WHAT NEEDS TO BE DONE -> Set each record down exactly, excluding all images.

Spatial localization data
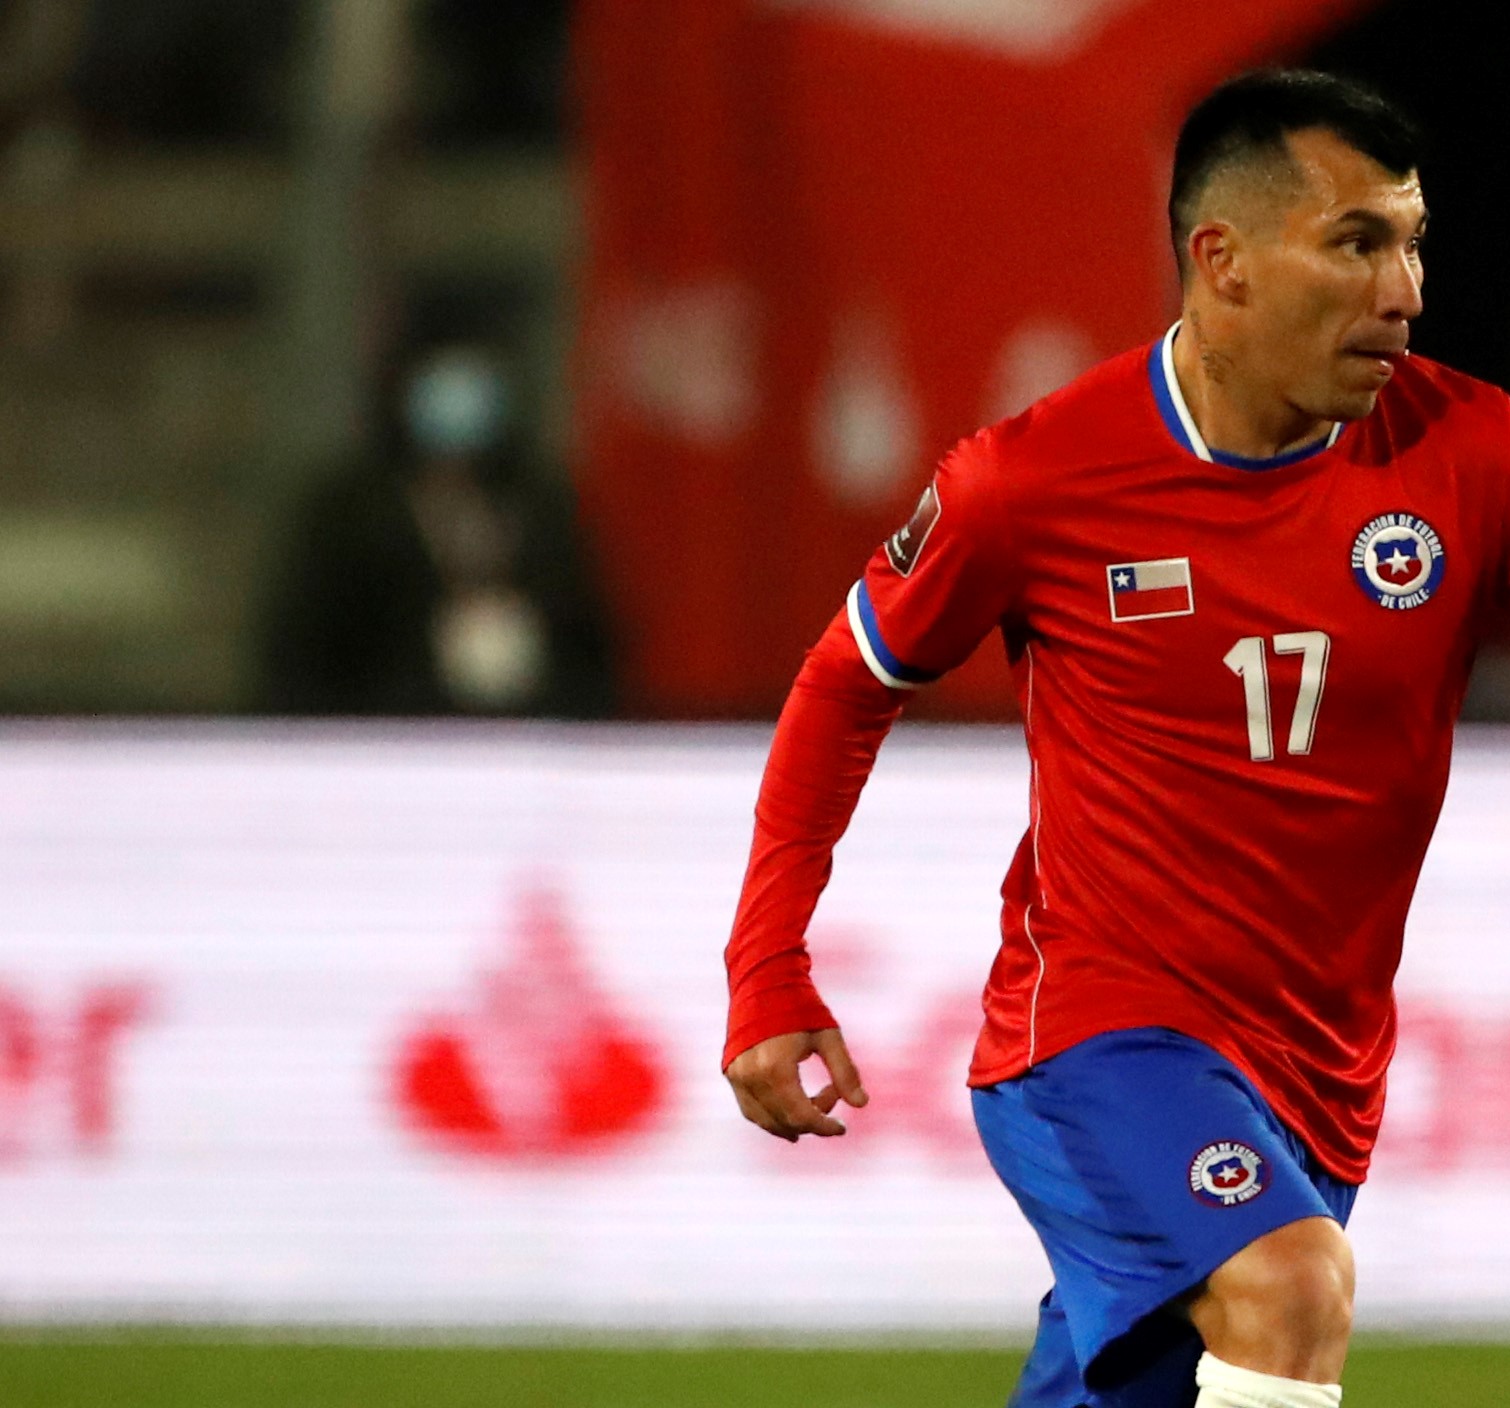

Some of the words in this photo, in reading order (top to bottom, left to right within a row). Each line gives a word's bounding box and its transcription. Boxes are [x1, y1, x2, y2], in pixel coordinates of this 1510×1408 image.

[1351, 513, 1396, 569] FEDERACION
[1398, 513, 1414, 528] DE
[1414, 520, 1444, 559] FUTBOL
[1380, 594, 1395, 609] DE
[1398, 587, 1429, 610] CHILE
[1222, 630, 1331, 761] 17

ANSWER SECTION ->
Some of the words in this photo, in reading order (top to bottom, left to right within a row). Each line gives a word's bounding box and its transcription. Boxes are [x1, y1, x2, y2], in pixel coordinates of this 1510×1408 image.

[1351, 513, 1396, 569] FEDERACION
[1398, 513, 1414, 528] DE
[1414, 520, 1444, 559] FUTBOL
[1380, 594, 1395, 609] DE
[1398, 587, 1429, 610] CHILE
[1222, 630, 1331, 761] 17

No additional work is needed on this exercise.